Similarly, if Y = \alpha X, then \mu_Y = \alpha \mu_X.  i.e. multiplying all values by constant \alpha, multiplies the mean by \alpha too.


median of {1,2,3,4,100} is 3 (median is middle value when numbers ordered). When even no. of terms, pick one of two, or take mean of both. Useful in typical house price example, as it effectively disregards very expensive outlier.


mode of {1,1,1,2,3,3,100} is 1 (most frequent value. When more than one possibility, pick one). Useful for multi-modal or bi-modal data (where data has "bumps", it picks the value corresponding to top of highest bump).

15. Variance

\sigma: Standard Deviation.

\sigma^2: Variance (Measures spread of data away from the mean).

\sigma^2 = \frac1{N} \Sigma( X_i-\mu)^2

\sigma^2 = \frac{\Sigma X_i^2}{N} - \frac{(\Sigma X_i)^2}{N^2}

We only need to know N, \Sigma X_i (sum of values), and \Sigma X_i^2 (sum of squares) to compute the formula above

If Y = \alpha X + \beta, then \sigma_Y = | \alpha | \sigma_X.

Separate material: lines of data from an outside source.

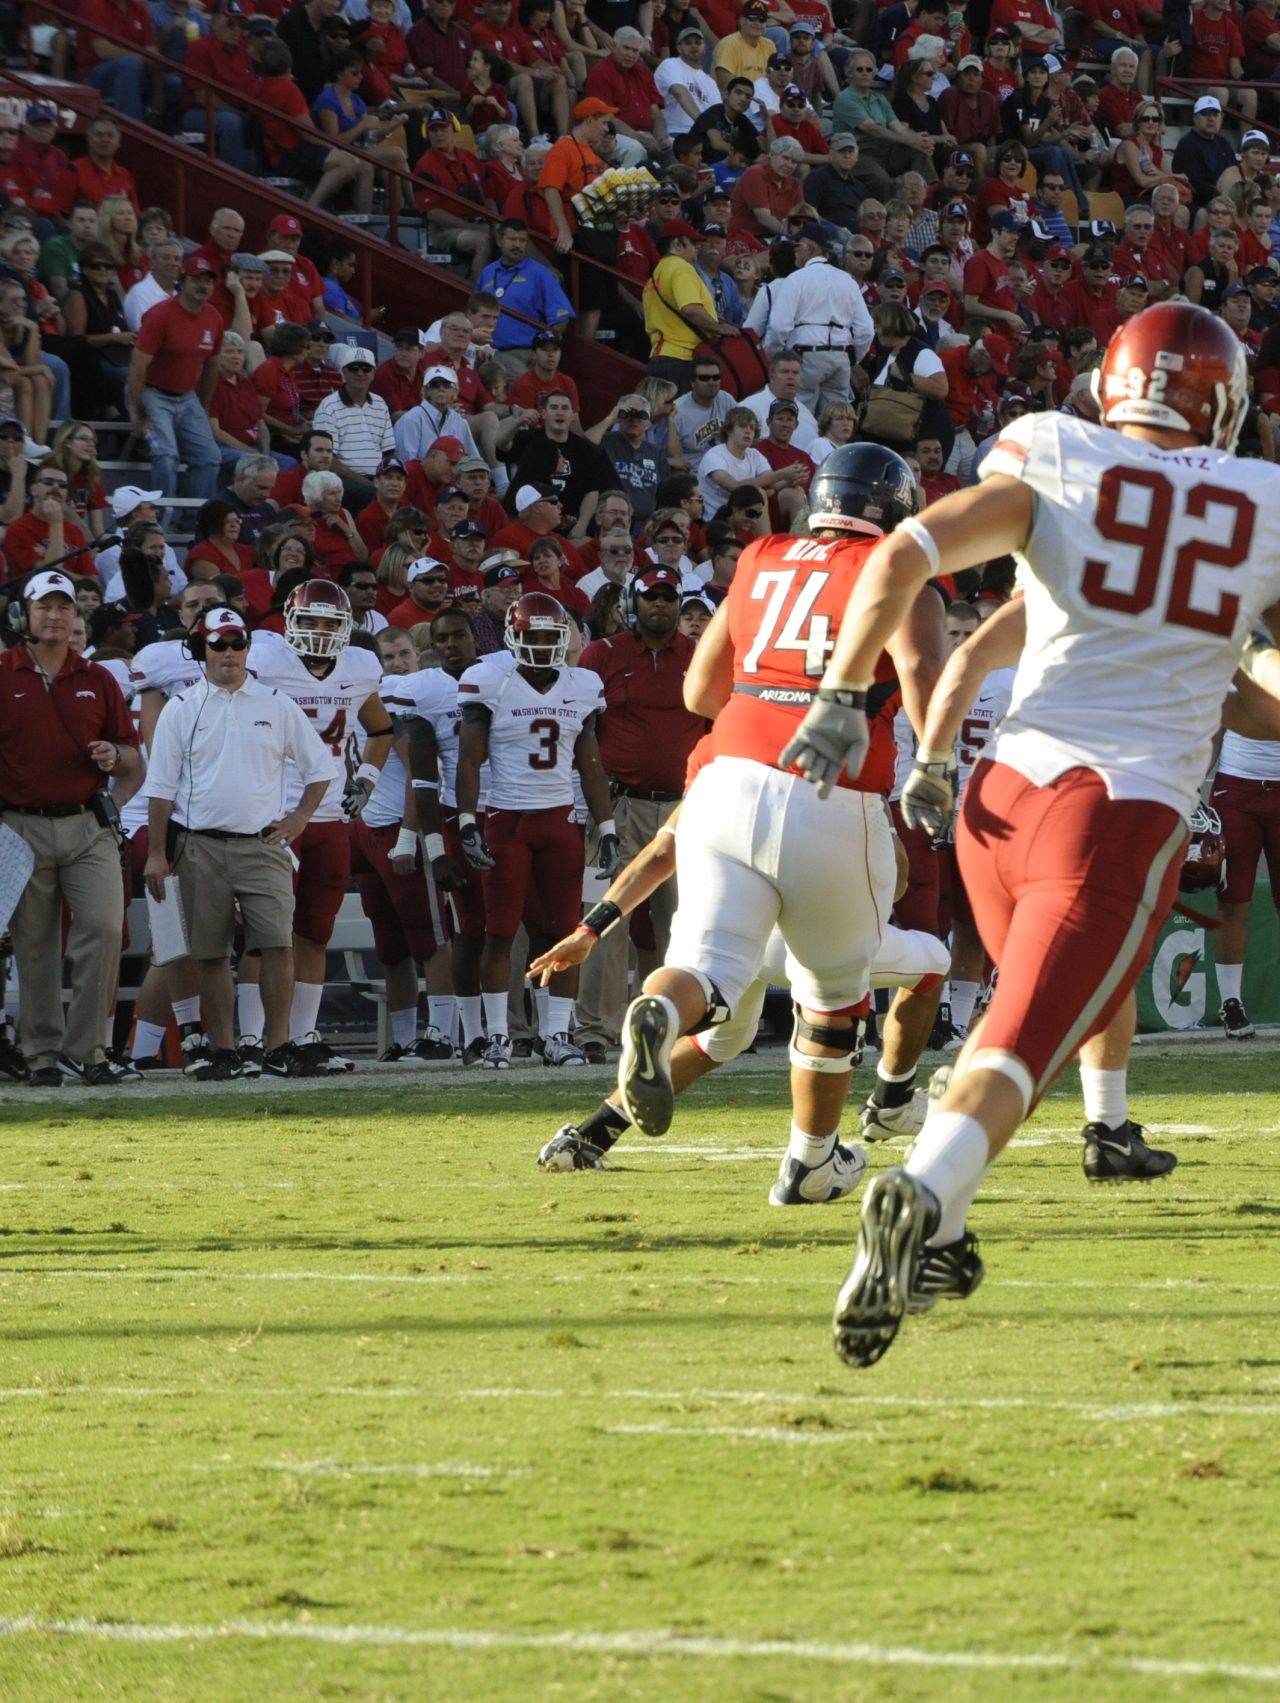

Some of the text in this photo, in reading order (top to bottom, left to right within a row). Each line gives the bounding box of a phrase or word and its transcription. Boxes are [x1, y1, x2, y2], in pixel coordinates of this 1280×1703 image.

[1127, 367, 1168, 402] 92
[1080, 464, 1259, 640] 92
[741, 569, 836, 677] 74
[333, 697, 353, 706] STATE
[511, 707, 578, 719] WASHINGTON STATE
[758, 689, 811, 702] ARIZONA
[528, 718, 560, 770] 3
[960, 718, 991, 766] 5
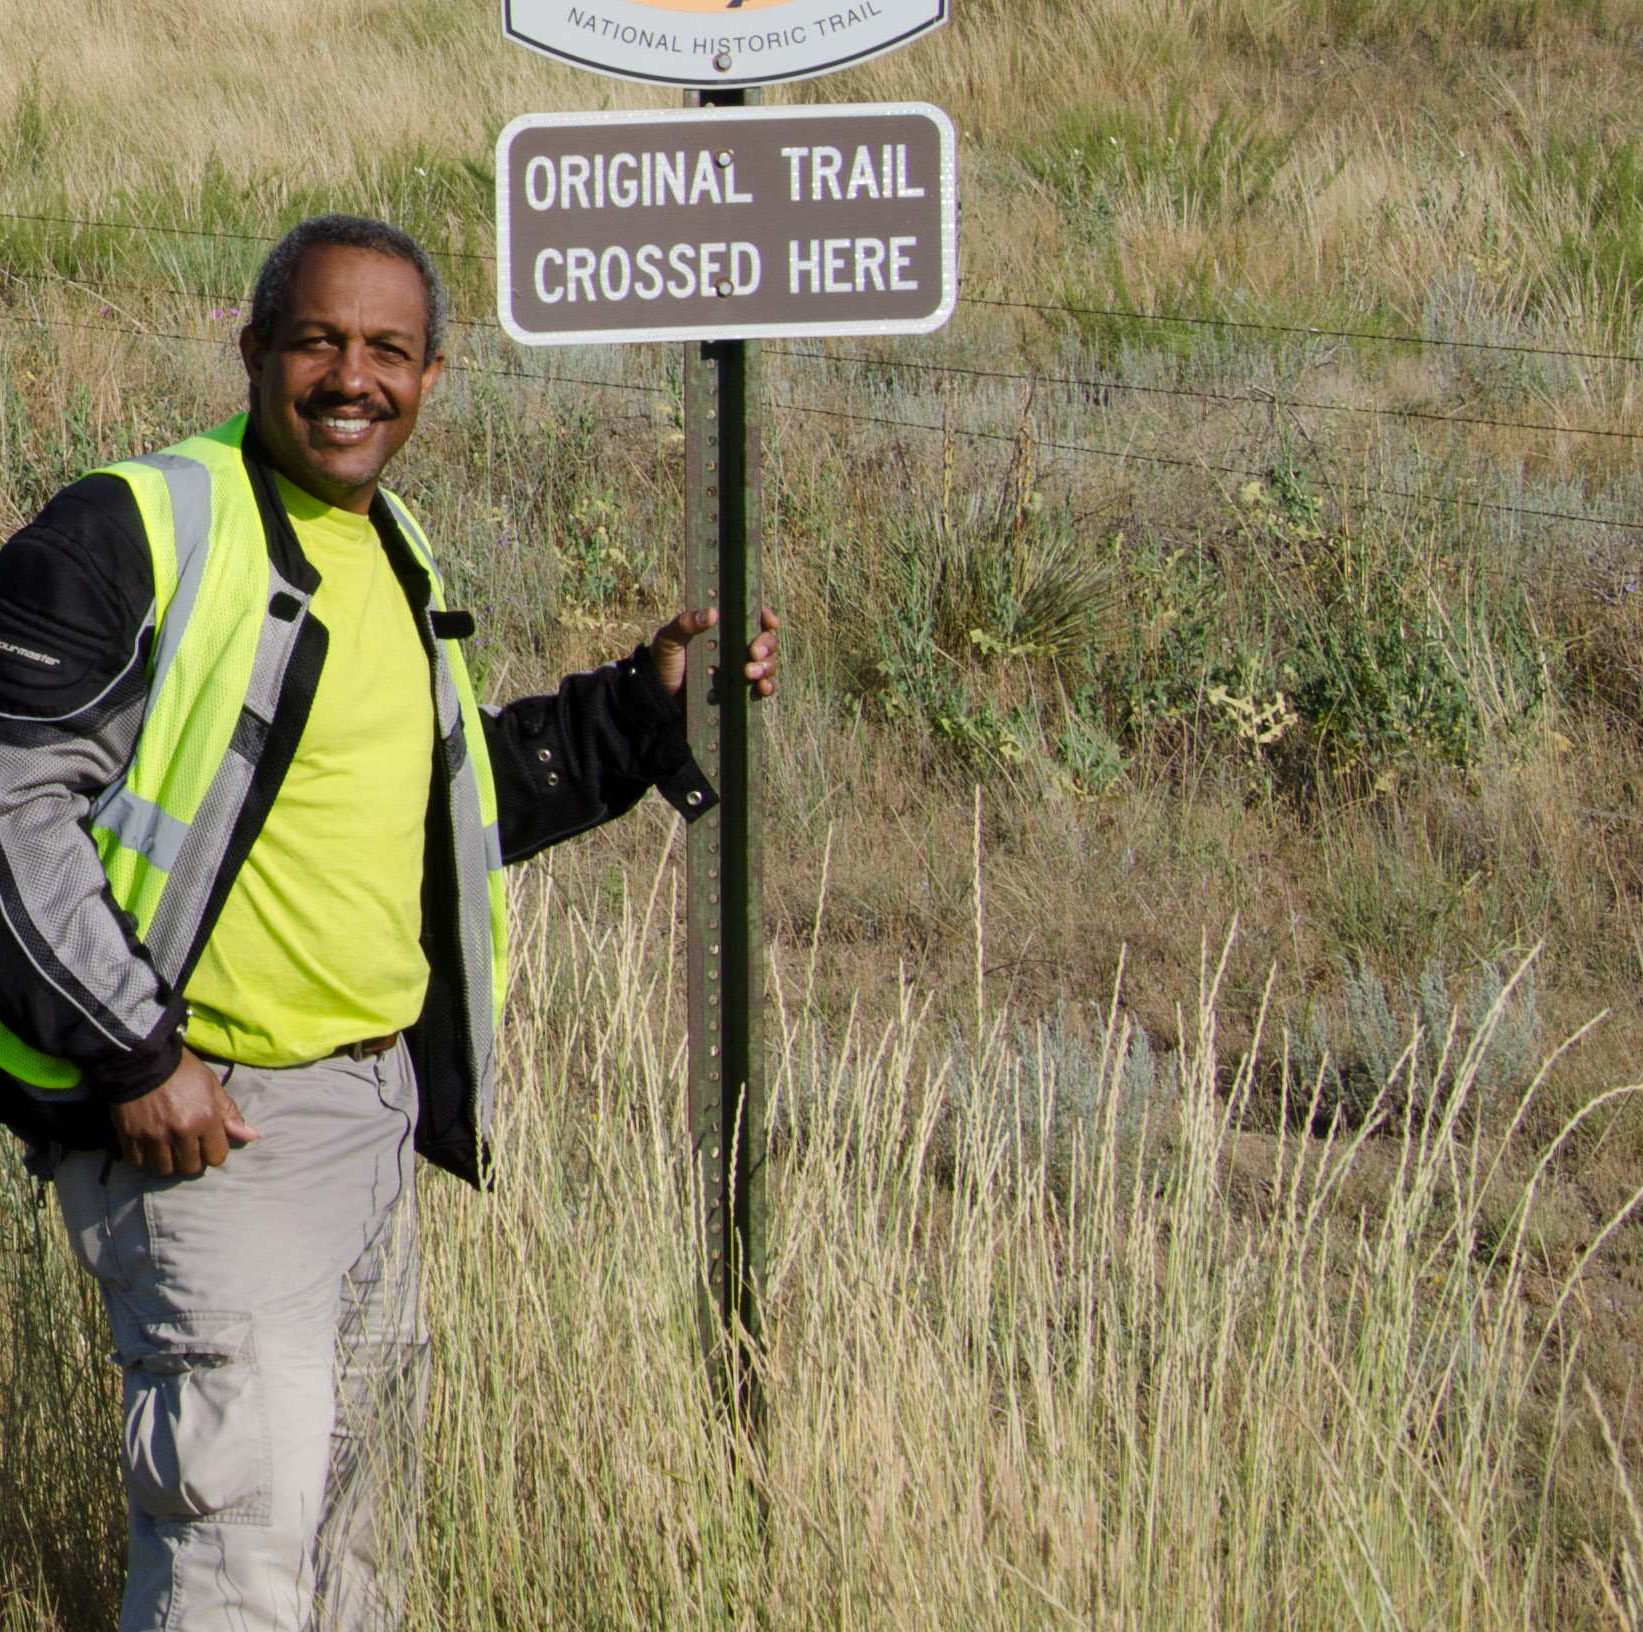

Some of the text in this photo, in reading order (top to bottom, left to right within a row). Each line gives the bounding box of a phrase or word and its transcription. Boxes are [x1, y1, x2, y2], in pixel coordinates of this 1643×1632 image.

i.e. adding constant \beta to all values has no effect on the standard deviation. But, multiplying all values by constant \alpha multiplies the standard deviation by \alpha too. [extra detail: | \alpha | effectively means that whether \alpha is positive or negative, you take the positive value of \alpha]

z: Standard Score

z = \frac{x-\mu}\sigma

Where x is a point in a Gaussian distribution that you want to calculate a standard score for. Is negative when x on left of mean. Is zero when x = mean.